Slow inflow of funds is delaying the Centre’s payments to States. Up to 28 States and Union Territories are on board currently, and at least 14 States have sent multiple emails to the NHA requesting release of funds due to them. “Till date, the Centre has released close to ₹766 crore to States, but has not been able to pay the current additional liability of over ₹1,700 crore,” the official stated.
Strain on States
Tamil Nadu had written to the Centre requesting reimbursement of close to ₹360 crore, which it paid as premium, on behalf of the Centre, to United India Insurance, earlier in January. “Till date, we have received only a tenth of the total funds demanded from the Centre. They have paid us ₹25 crore for premium amount and ₹11 crore for covering administrative costs, a total of ₹ 36 crore. We are operating the scheme on State funds,” said P Uma Maheshwari, TN Health Systems’ project director.

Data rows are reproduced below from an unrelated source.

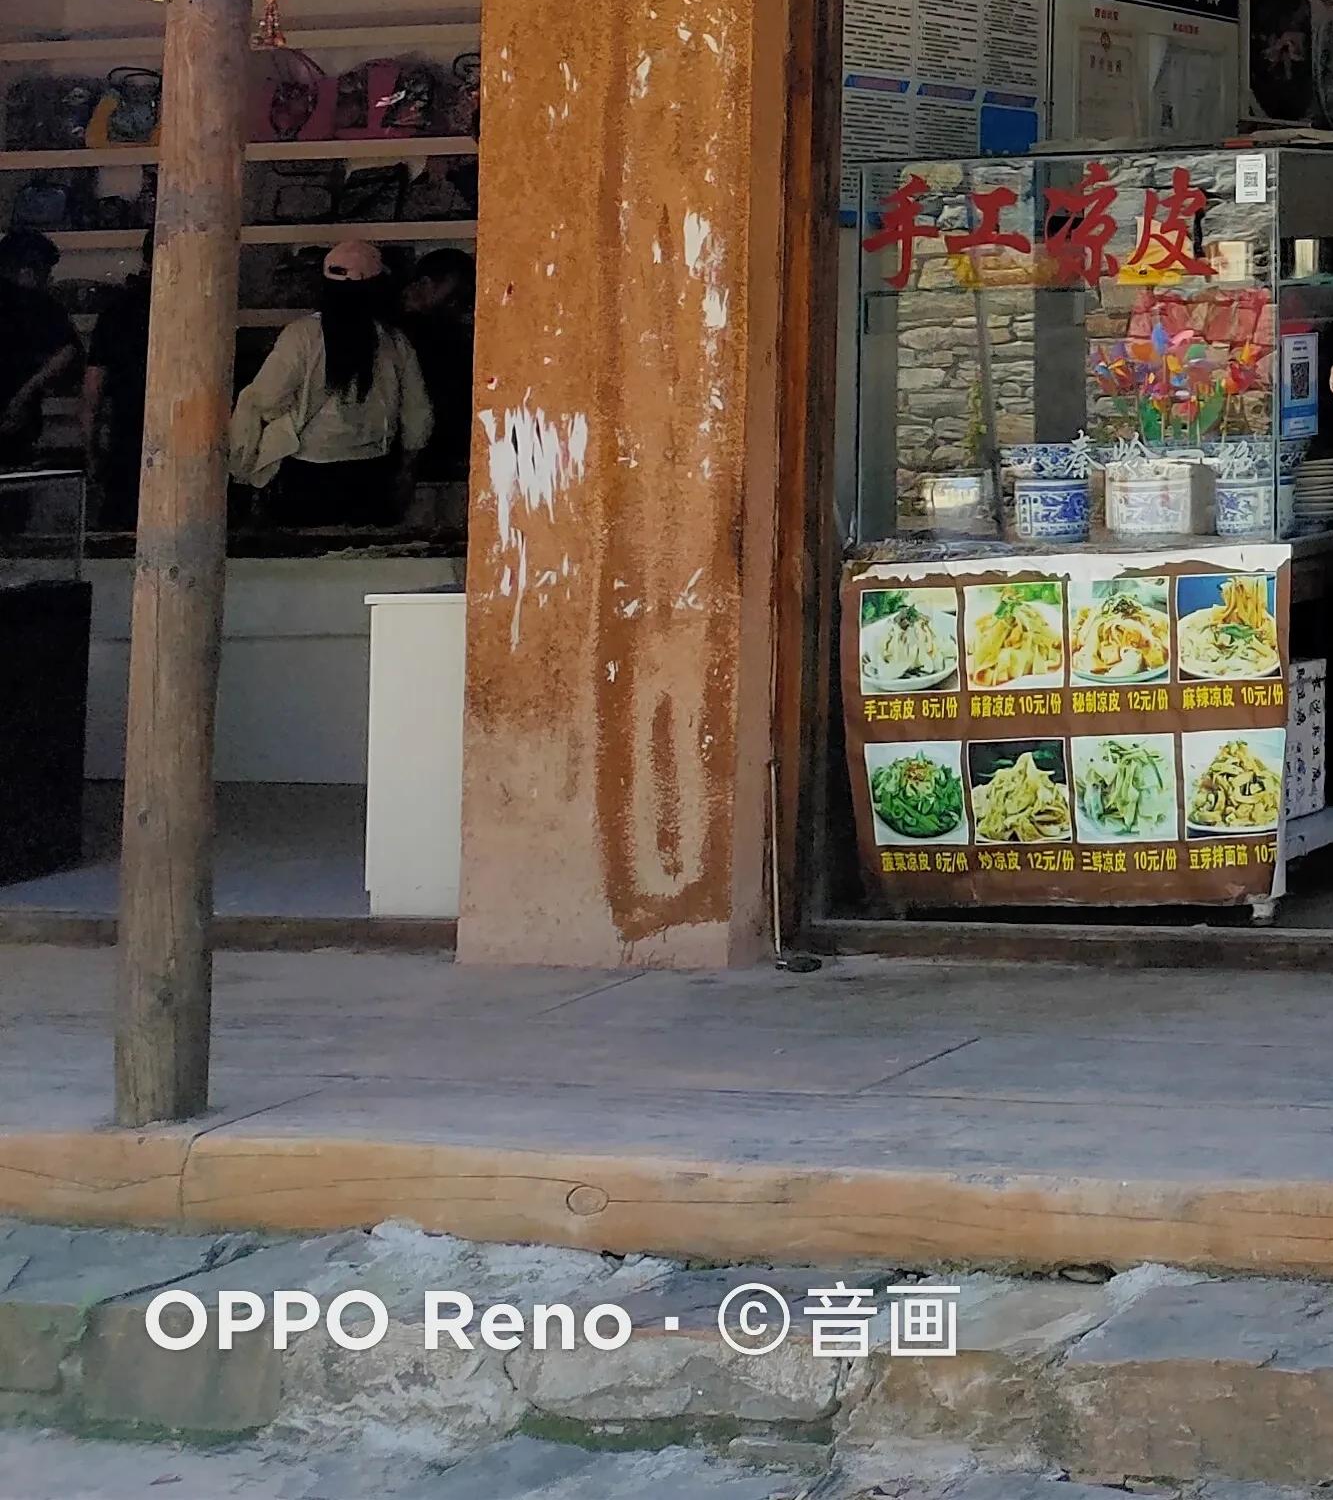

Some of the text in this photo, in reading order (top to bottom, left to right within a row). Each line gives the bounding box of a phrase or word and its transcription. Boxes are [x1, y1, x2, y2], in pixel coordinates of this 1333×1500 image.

[862, 161, 1219, 289] 手工凉皮
[863, 696, 958, 721] 手工凉皮 8元/份
[970, 693, 1062, 718] 麻酱凉皮 10元/份
[1072, 689, 1169, 713] 秘制凉皮 12元/份
[1182, 684, 1284, 710] 麻辣凉皮 10元/份
[935, 851, 969, 873] 8元/份
[978, 850, 1075, 871] 炒凉皮 12元/份
[1134, 848, 1177, 871] 10元/份
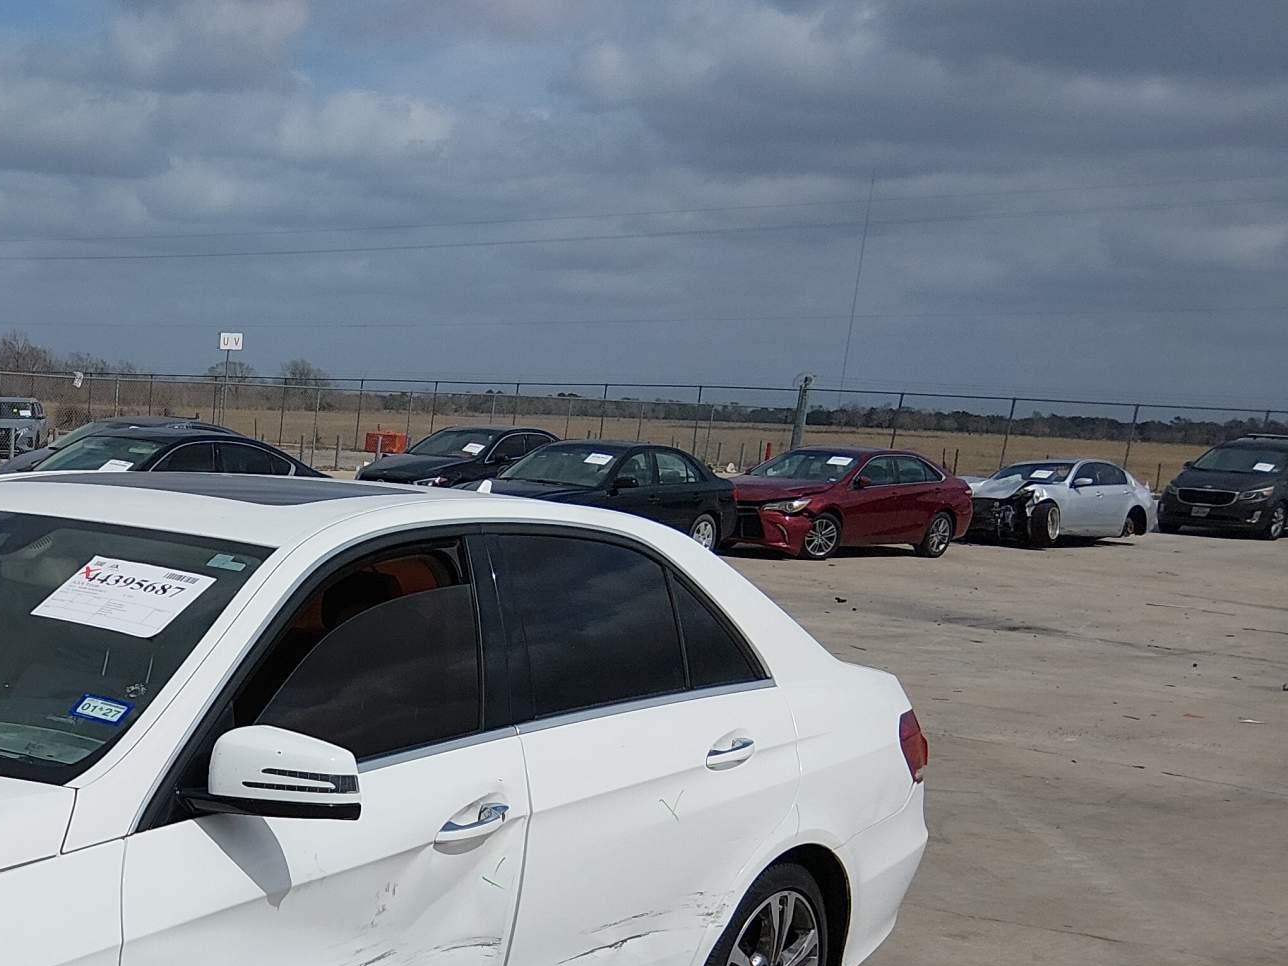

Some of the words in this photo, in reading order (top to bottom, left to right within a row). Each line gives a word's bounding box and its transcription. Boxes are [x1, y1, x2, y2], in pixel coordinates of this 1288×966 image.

[223, 336, 229, 346] U
[233, 336, 240, 346] V
[86, 571, 187, 598] 44395687
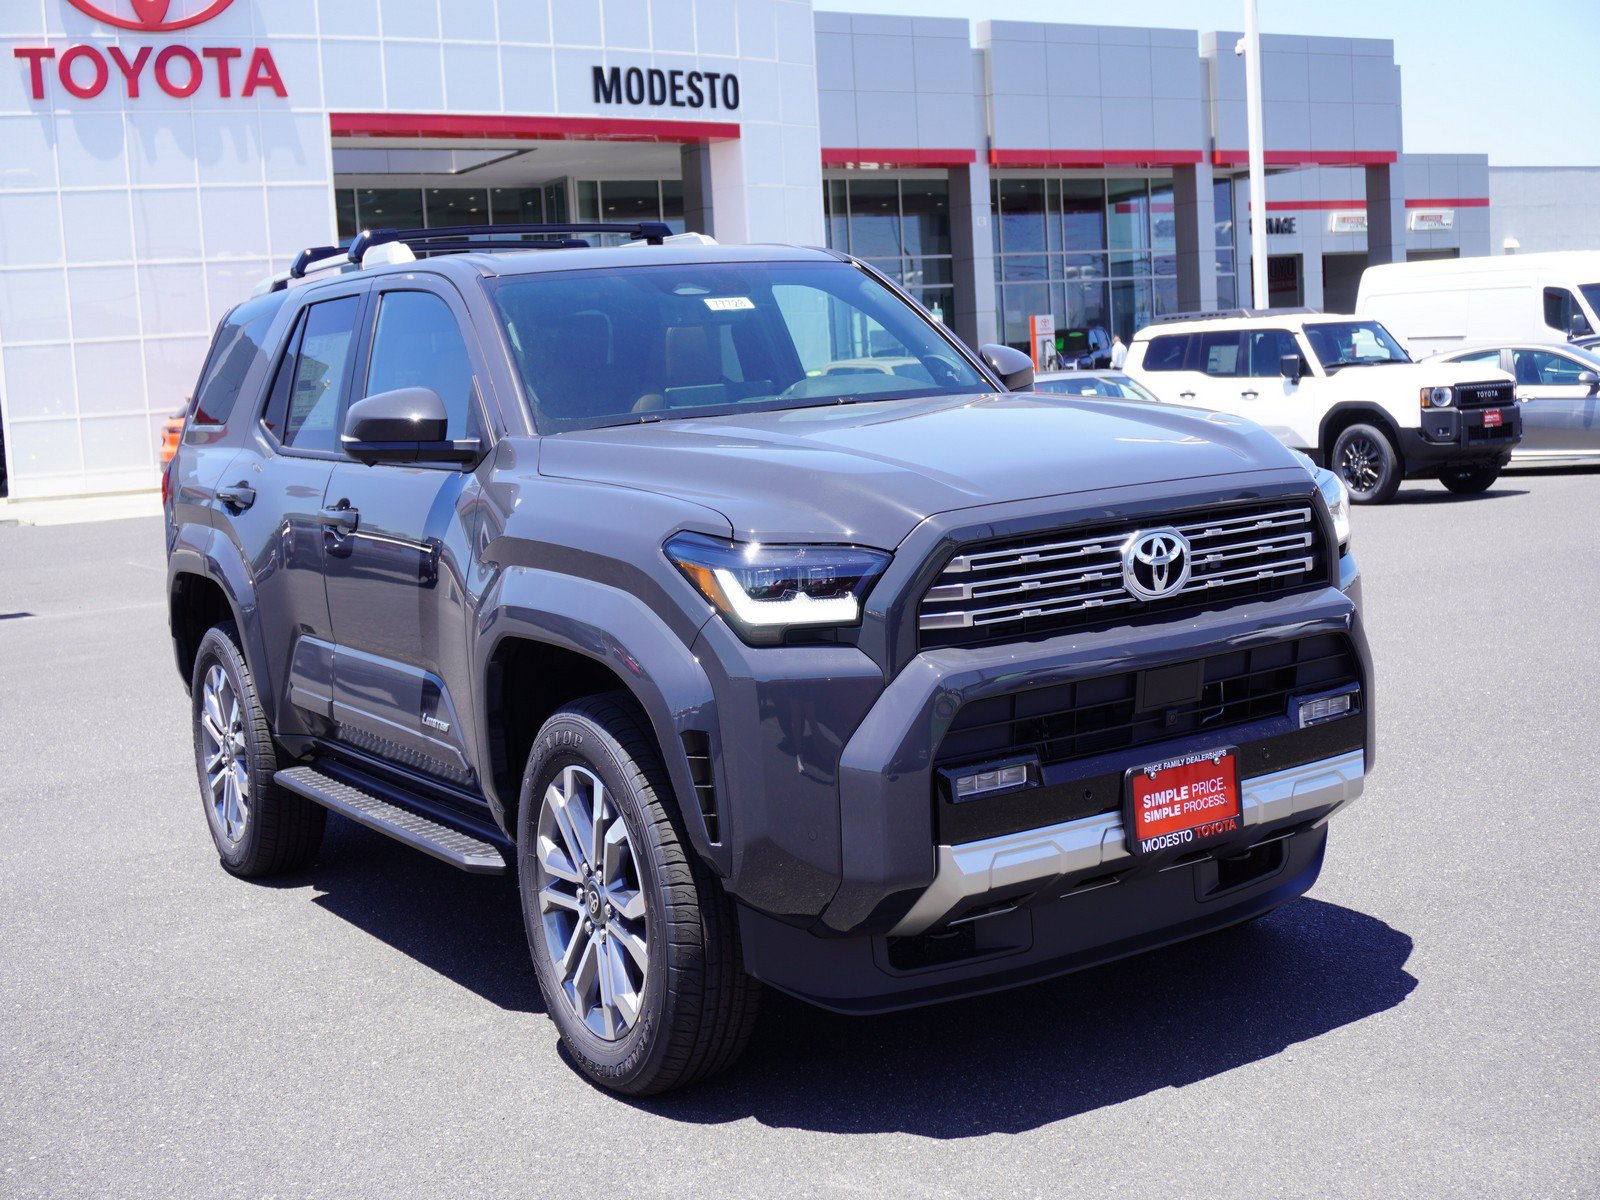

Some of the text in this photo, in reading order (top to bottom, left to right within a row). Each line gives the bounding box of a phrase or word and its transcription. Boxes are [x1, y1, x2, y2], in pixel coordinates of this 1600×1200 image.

[14, 44, 288, 99] TOYOTA
[592, 66, 740, 110] MODESTO
[1477, 390, 1498, 398] TOYOTA
[1143, 749, 1227, 774] PRICE FAMILY DEALERSHIPS
[1143, 777, 1227, 808] SIMPLE PRICE.
[1144, 793, 1228, 823] SIMPLE PROCESS.
[1142, 819, 1237, 853] MODESTO TOYOTA

In another instance, Madhya Pradesh had demanded over hundred crore but has been given ₹15 crore till date. NHA officials fear that non-disbursement of central funds in a timely manner can have a domino effect if States cease to co-operate.
“It may have a staggering effect on last-mile delivery to the patient, if States, and then hospitals that provide services, are not paid on time. This was the biggest grouse in the Rashtriya Swasthya Bima Yojana too, the scheme that preceded PM-JAY,” said the NHA official.
The MoHFW has been kept on a tight leash by the Ministry of Finance despite demanding more budget.
Last year, the MoHFW had demanded over ₹70,000 crore to meet its expenditure, but was allocated ₹52, 800 crore (a decrease of 24.57 per cent). “This year, we have demanded up to ₹80,000 crore,” a senior official said.